### SOURCE RECORDS
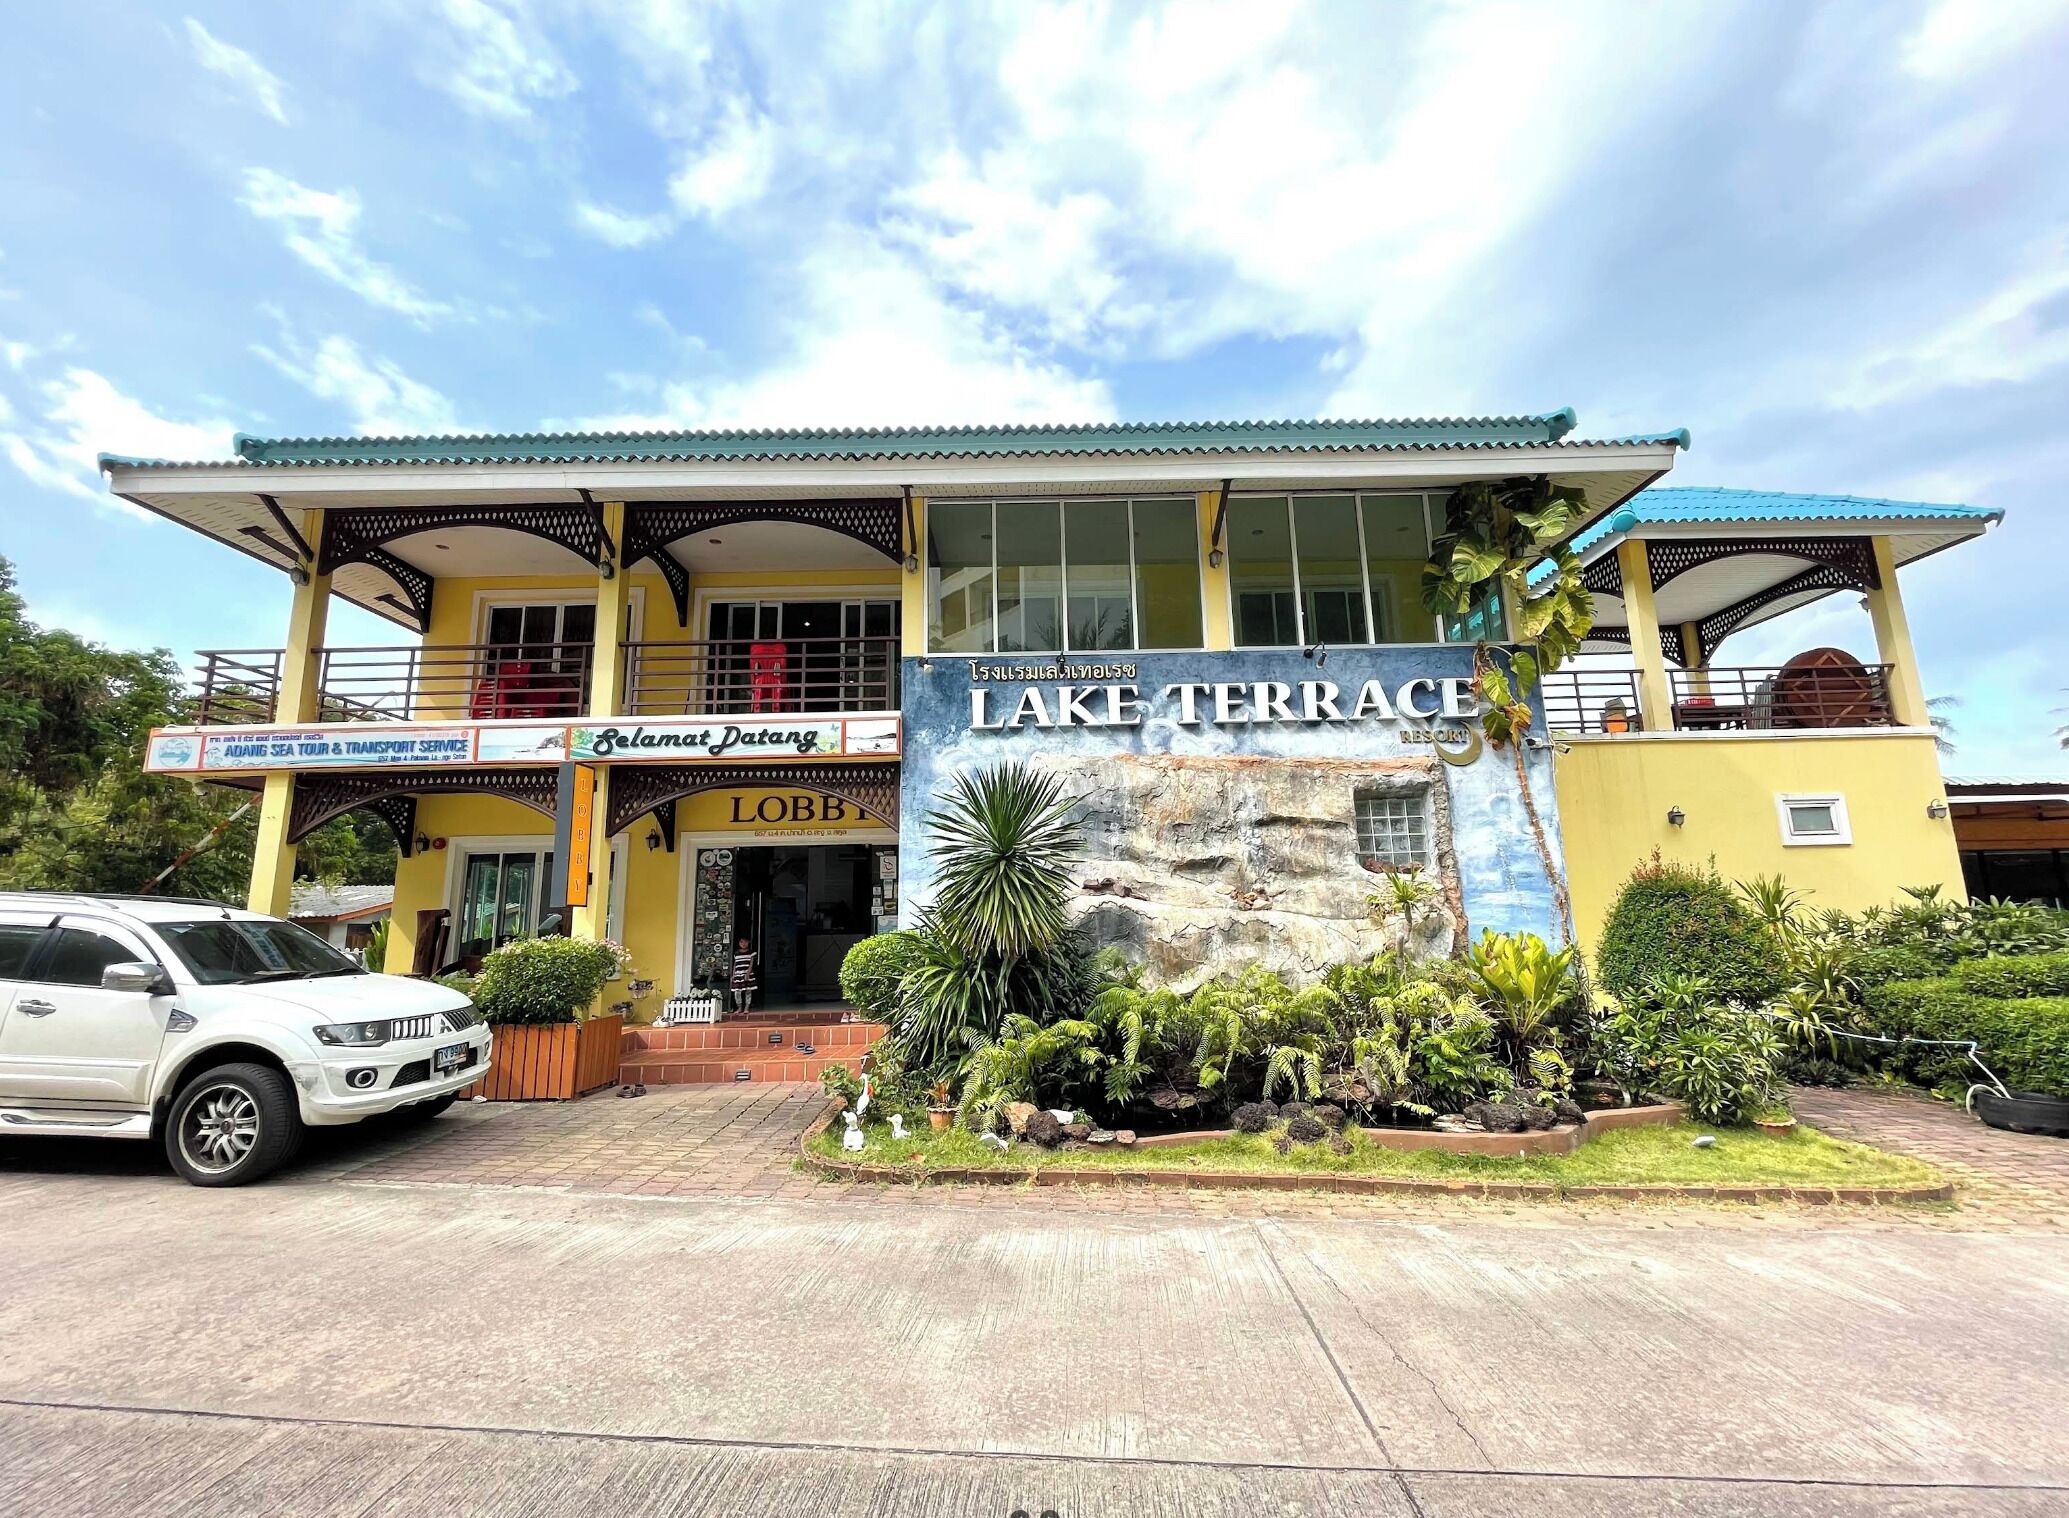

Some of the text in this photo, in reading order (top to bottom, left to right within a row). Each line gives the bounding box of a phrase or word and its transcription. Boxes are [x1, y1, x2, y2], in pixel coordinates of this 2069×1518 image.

[968, 677, 1480, 730] LAKE TERRACE
[224, 739, 468, 757] ADANG SEA TOUR & TRANSPORT SERVICE
[592, 725, 819, 756] Selamat Datang
[1400, 727, 1470, 744] RESORT
[575, 779, 589, 891] LOBBY

### WHAT THIS TASK INVOLVES
Wherever an image appears, omit it; copy the rest of the records exactly.

### SOLUTION FOR THIS PROBLEM
Some of the text in this photo, in reading order (top to bottom, left to right within a row). Each line gives the bounding box of a phrase or word and its transcription. Boxes are [x1, y1, x2, y2], in pixel coordinates of this 2069×1518 image.

[968, 677, 1480, 730] LAKE TERRACE
[224, 739, 468, 757] ADANG SEA TOUR & TRANSPORT SERVICE
[592, 725, 819, 756] Selamat Datang
[1400, 727, 1470, 744] RESORT
[575, 779, 589, 891] LOBBY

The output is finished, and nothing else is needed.